City business license guide

Last updated: April 29, 2026

This guide is for a person starting, moving, or running a business in St. Paul, Minnesota. The city’s official name is Saint Paul, so many city pages use that spelling. The goal is simple: help you figure out which city, county, state, and federal steps may apply before you spend money on a lease, build-out, sign, truck, website, or supplies.

Saint Paul does not describe one single city license for every business.
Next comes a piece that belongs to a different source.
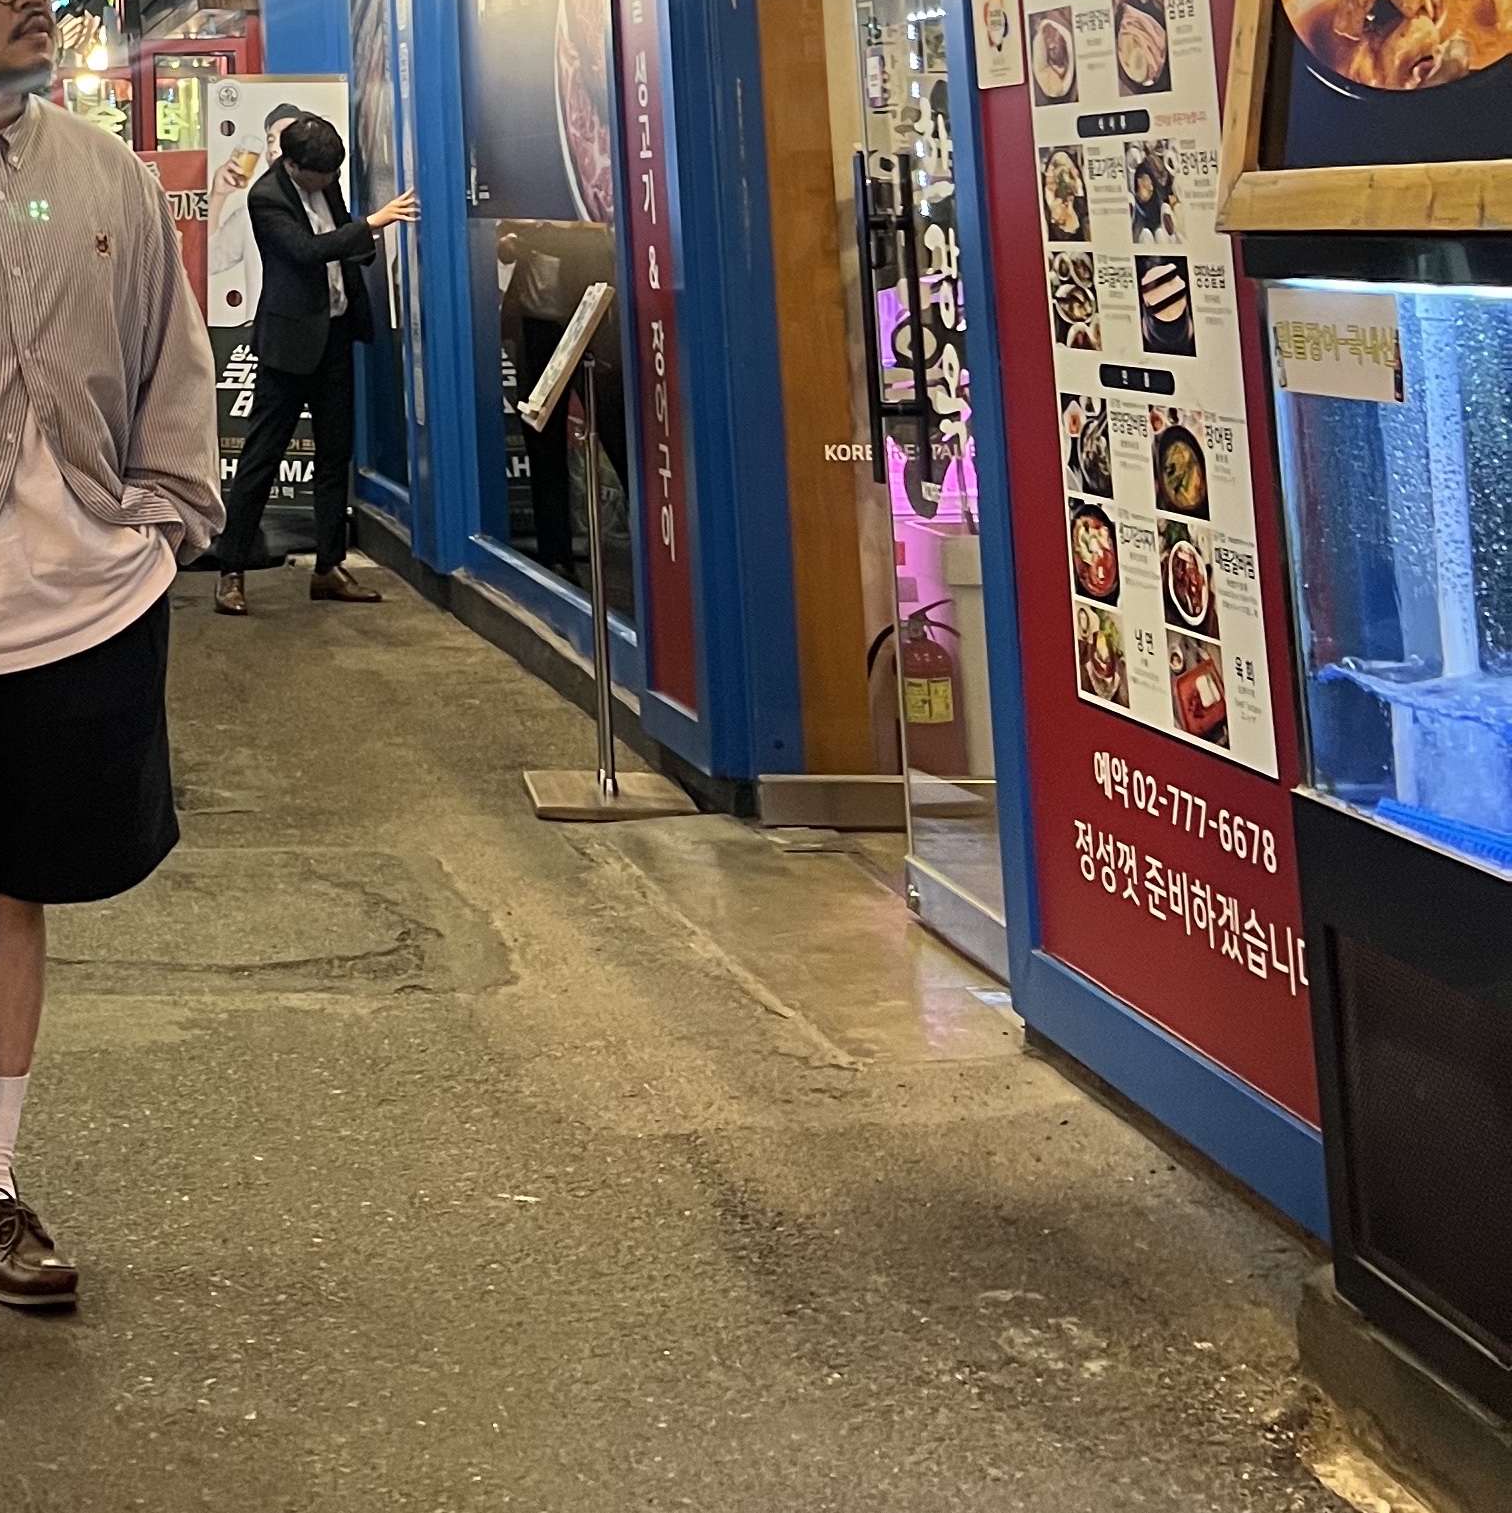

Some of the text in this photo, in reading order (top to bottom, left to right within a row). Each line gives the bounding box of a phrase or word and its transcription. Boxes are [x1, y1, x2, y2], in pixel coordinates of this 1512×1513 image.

Instead, the city lists many licenses, permits, and registrations by business type through the Department of Safety and Inspections, often called DSI. Even when no city license applies, zoning, occupancy, building, tax, state, or county rules may still matter.

Bottom line

Start with the City of Saint Paul business licenses and permits page and the city’s zoning permits and land uses page. DSI says city business licenses are listed by category, and the state or Ramsey County may also require a license depending on the business type. If you do not see your business type, contact a DSI Project Facilitator before you assume you are clear.

For most new local businesses, the safest order is: check zoning, check whether DSI licenses your activity, check whether the building needs a Fire Certificate of Occupancy, register your business name or entity with the state if needed, set up Minnesota tax accounts if needed, and then handle federal tax steps.

Quick start: what to check first

  1. Write down what you will do. Include products or services, whether customers visit, whether food, alcohol, vehicles, signs, employees, or home-based work are involved.
  2. Check your address before you sign. Saint Paul says zoning approval is required for building permits, licenses, changes in building use, changes in occupancy type, and signage.
  3. Search the city license list. DSI lists categories such as alcohol, animal, automotive, cannabis and cannabinoid retail, entertainment, food and lodging, merchandise and tobacco, professional services, transportation, and miscellaneous activities.
  4. Create or use your PAULIE account. Saint Paul uses PAULIE for many permits, licenses, inspections, complaints, planning cases, online payments, and application tracking.
  5. Do the state and federal basics. Many owners also need Minnesota Secretary of State filings, a Minnesota Tax ID, a sales and use tax account, employer registration, an EIN, or industry licenses.

St. Paul business license facts box

CitySaint Paul, Minnesota
CountyRamsey County
Main city officeDepartment of Safety and Inspections, also called DSI
Main city portalPAULIE, the city’s permitting and licensing system
General city license ruleDSI lists city licenses by business category. It does not present one blanket license for every business.
Important local checkZoning and Fire Certificate of Occupancy can matter even when no city business license applies.
Accuracy dateChecked for this article on May 1, 2026.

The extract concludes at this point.